By Mark G. McLaughlin
The gaming industry was the first to make use of artificial intelligence (AI). Early arcade games from "Missile Command" to "Space Invaders" used a rudimentary and fairly predictable AI, but from such humble beginnings evolved into NPCs (non-player characters) in role-playing games and an AI that could run entire empires in "Civilization" and other strategy games. Of course, the strongest AI of any game is still that which is capable of competing with grandmasters in chess. While the AI in games has progressed exponentially over the last three or four decades, it is advancing even more rapidly now, with AI characters and programs that learn from the people they play, and who now no longer merely follow a pattern or a decision tree, but which can truly think for themselves. Here are just a few of the cool ways that AI is transforming gaming.
Evolving from barely intelligent to almost intelligent
In even the most advanced and complex video, computer an arcade games, the AI is still, at best, barely intelligent. It can be programmed to evaluate the possibility of success or failure, or make a move or hit a target that most hurts the human player or best enhances its own status, power or other attributes, but in most games the AI is still essentially just a mathematical program playing the odds. That is changing, as programmers are working to allow AI opponents to adapt to and learn from each game, and from players who do not play in predictable, logical patterns, but assess and manage risk. Most game companies, however, are still comfortable with an AI that is good enough to give a good game, rather than one that can truly challenge and even decisively defeat human opponents.
Convergence: From mimicking players to making decisions.
Most AI programs seek to mimic what players do, in order to give human players the feel that they are competing with someone like themselves. These programs seek to behave like humans, but do not really think for themselves or even learn. They give a good game, but often because the scales have been weighted to give them an advantage in some areas to make up for what they lack in the ability to make creative and intelligent decisions. They are, thus, more brawn than brain. Giving an AI a bigger and more advanced brain, and one that is capable of taking a creative approach rather than following or choosing from a scripted path or choice of paths, is the goal of many AI programmers – and they are getting closer to that goal. Those taking that path work with a theory of convergence that they believe will produce the same kind of AI in video and computer games that chess players can now confront in AI chess opponents – if they dare.

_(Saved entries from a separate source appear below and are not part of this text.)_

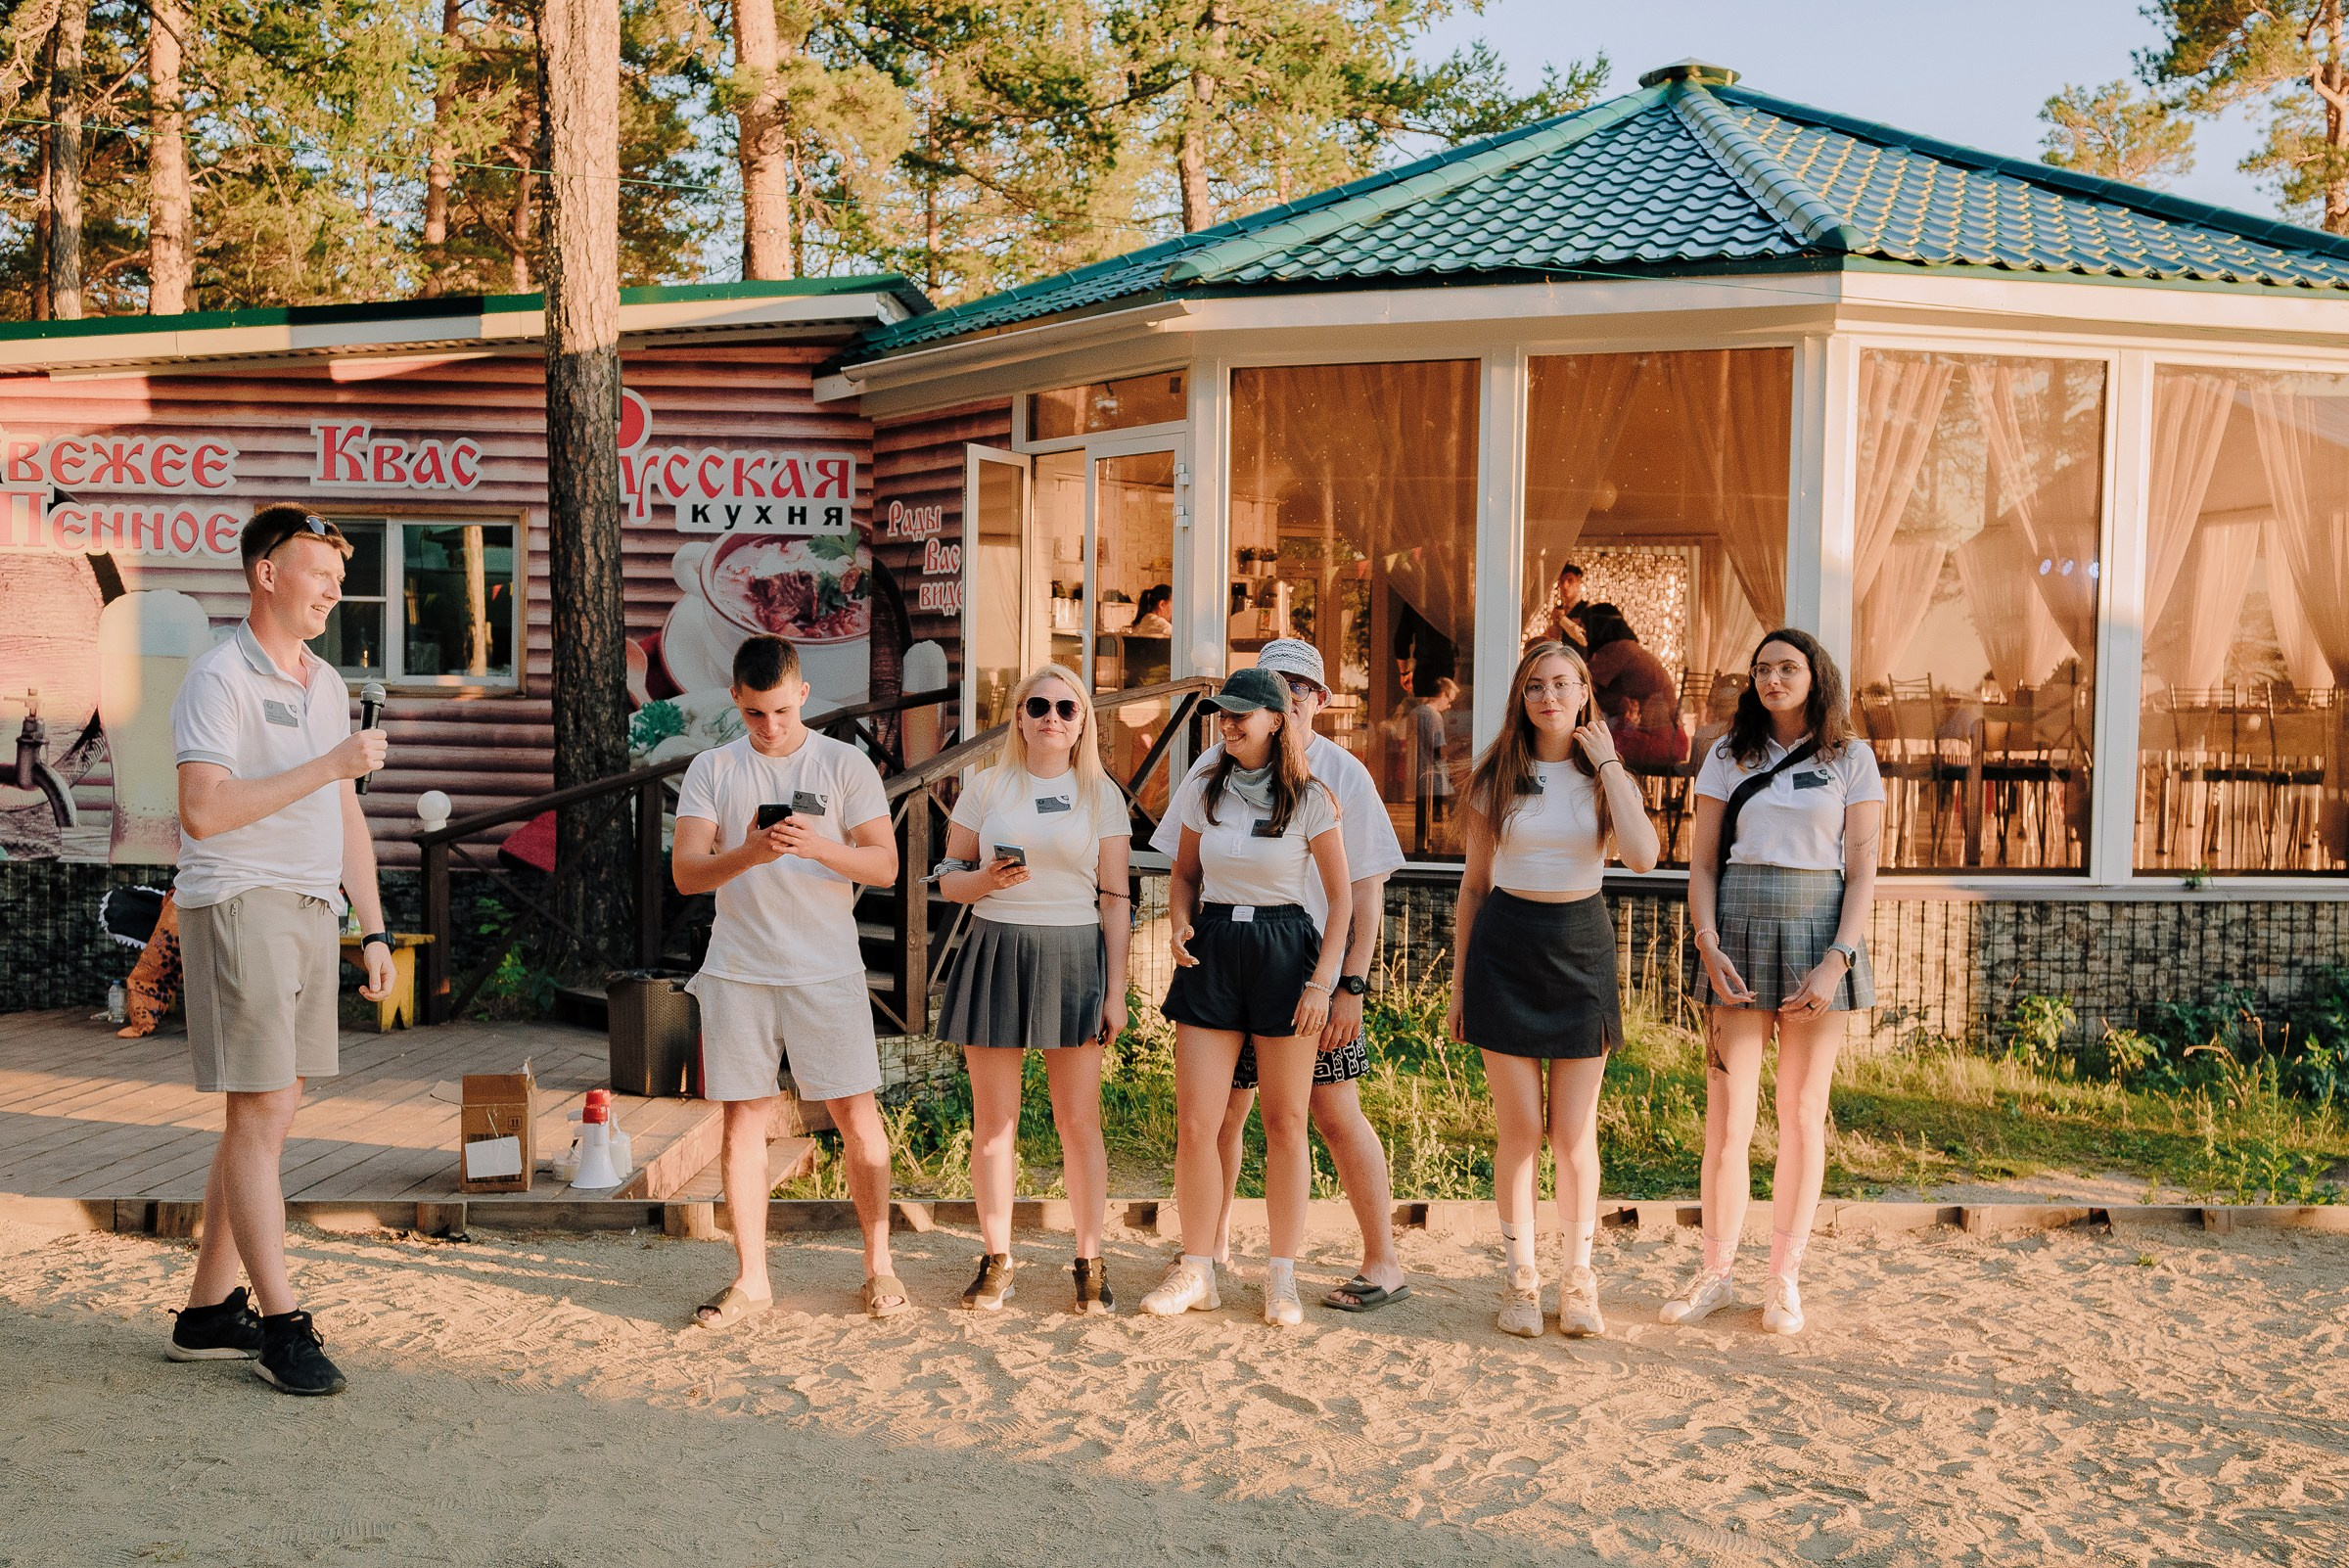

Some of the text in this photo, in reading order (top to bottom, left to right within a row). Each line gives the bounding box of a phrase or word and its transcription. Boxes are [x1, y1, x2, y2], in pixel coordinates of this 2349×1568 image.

[0, 440, 230, 488] вежее
[316, 425, 478, 486] Квас
[691, 503, 844, 530] кухня
[889, 502, 941, 536] Рады
[924, 540, 959, 572] Вас

Hierarchical Task Network: if it's good enough for the Army, it's good enough for gamers
Hierarchical Task Network, or HTN, is a system that starts with simple tasks and builds upon them layer by layer until the AI is making truly complex decisions. It breaks down decisions into many and more simpler components and works from the bottom up to reach a decision. Reaching one goal is a precondition for reaching the next. This type of programming is used by Department of Defense computers to solve complex logistical problems. Some game programmers believe this path, rather than the convergence path, is the way to creating a gaming opponent who can not only make better decisions, but also autonomously create new challenges beyond what the game designers have programmed.
Voice recognition and interaction
Voice recognition and response software is already a mainstay in many industries, especially when it comes to directing callers to the right department or in paying their bills. Computer games have been slow to implement voice recognition and response techniques, other than to provide a computer opponent with a selection of stock phrases with which to answer a narrow list of questions. Computers speak, but they do not create speech – they only parrot what they have been told to say. It will take a great leap in computer learning technology for AI opponents to do more than just choose from a modular menu to create a sentence. Games that understand speech, use pattern recognition and reinforcement learning algorithms are not on the horizon – but are perhaps just over it, on the far side of the hill. The day will come – and soon – when that computer AI will be something with which you can have a two-way conversation, either as an opponent or as a partner who understands what you need it to do to win.
Virtual Reality, Augmented Reality and AI – the Trifecta challenge, or making the holodeck real
Game companies are vying with one another to make the best use of virtual reality technology, augmented reality technology and artificial intelligence. The history of VR in gaming goes back to the clunky helmets and goggles of the '80s and has advanced to where lighter, wireless headgear that allows more freedom of movement as well as a more physically comfortable gaming experience. Augmented reality seeks to provide a similar experience, but while still using a screen or handheld device rather than a headset. Marrying up either of these two types of advanced realism with an AI that can operate in and alter that environment is a long-term goal of game designers, designers who dream someday of making the holodeck of the starship Enterprise come to life.